**What is being asked**
Everything in the entries except the pictures must be repeated exactly.

**Data for processing**
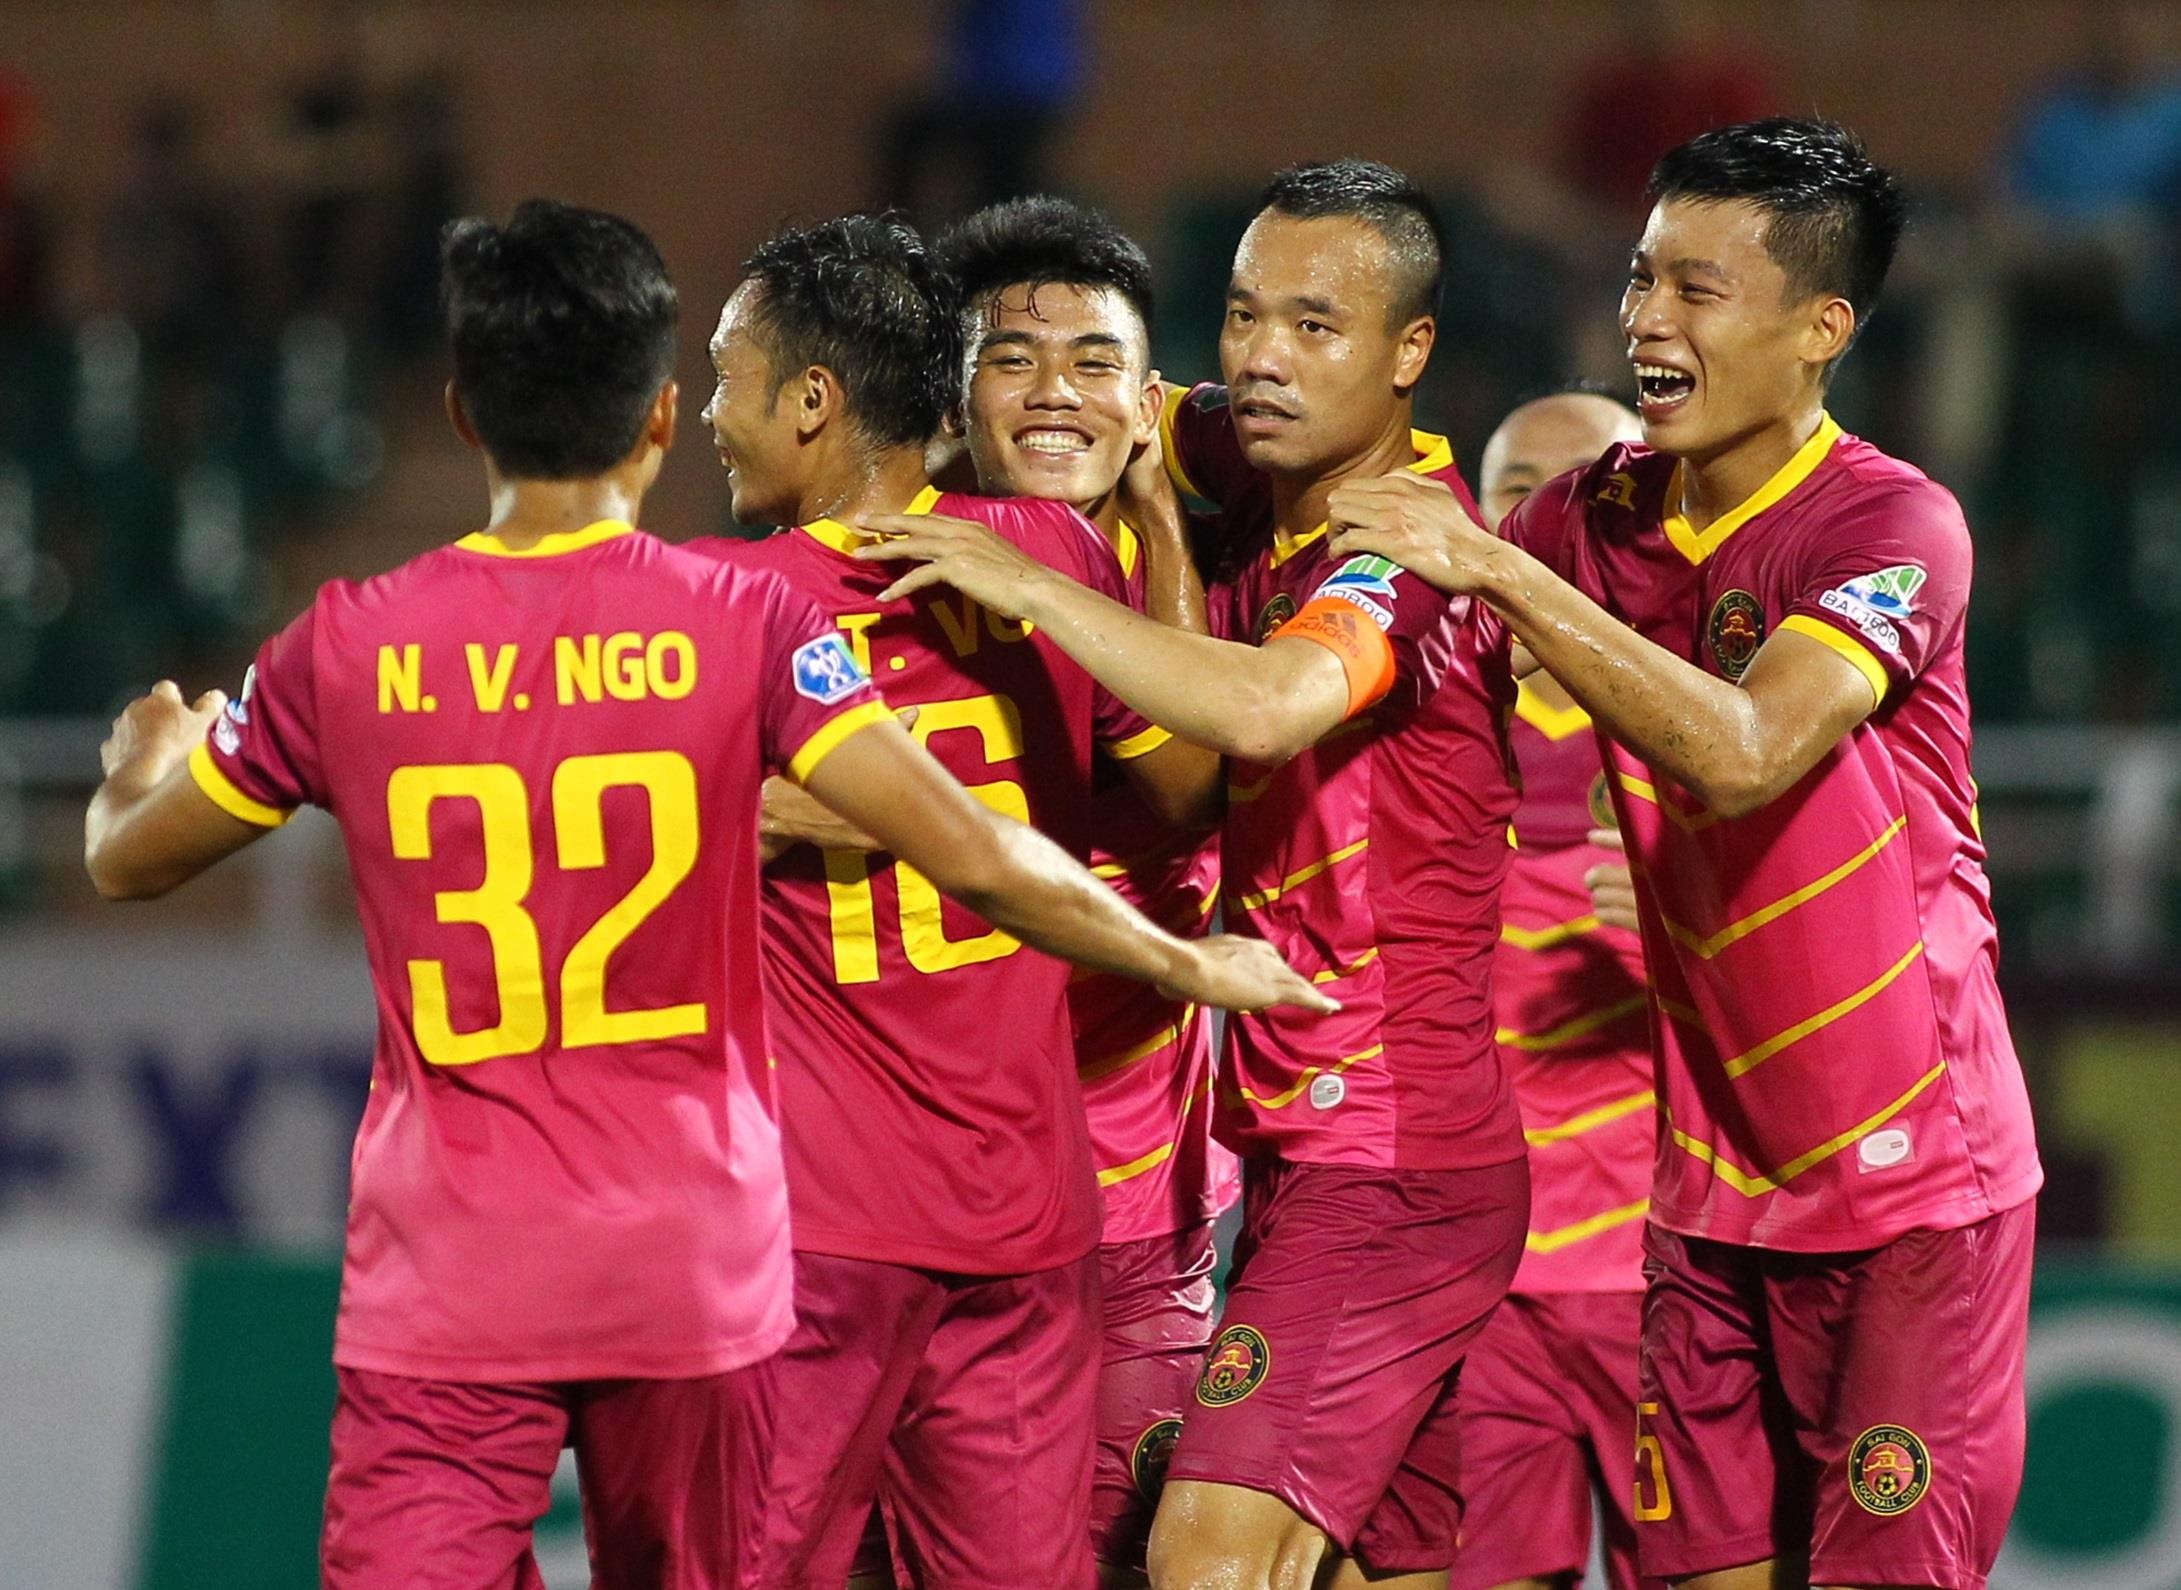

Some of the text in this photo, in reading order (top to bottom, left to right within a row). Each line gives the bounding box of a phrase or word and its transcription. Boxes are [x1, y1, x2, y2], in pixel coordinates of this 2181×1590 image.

[377, 630, 698, 713] N. V. NGO
[835, 613, 906, 676] T.
[387, 750, 706, 1066] 32
[1856, 1480, 1921, 1507] FOOTBALL CLUB

**Solution to the problem**
Some of the text in this photo, in reading order (top to bottom, left to right within a row). Each line gives the bounding box of a phrase or word and its transcription. Boxes are [x1, y1, x2, y2], in pixel coordinates of this 2181×1590 image.

[377, 630, 698, 713] N. V. NGO
[835, 613, 906, 676] T.
[387, 750, 706, 1066] 32
[1856, 1480, 1921, 1507] FOOTBALL CLUB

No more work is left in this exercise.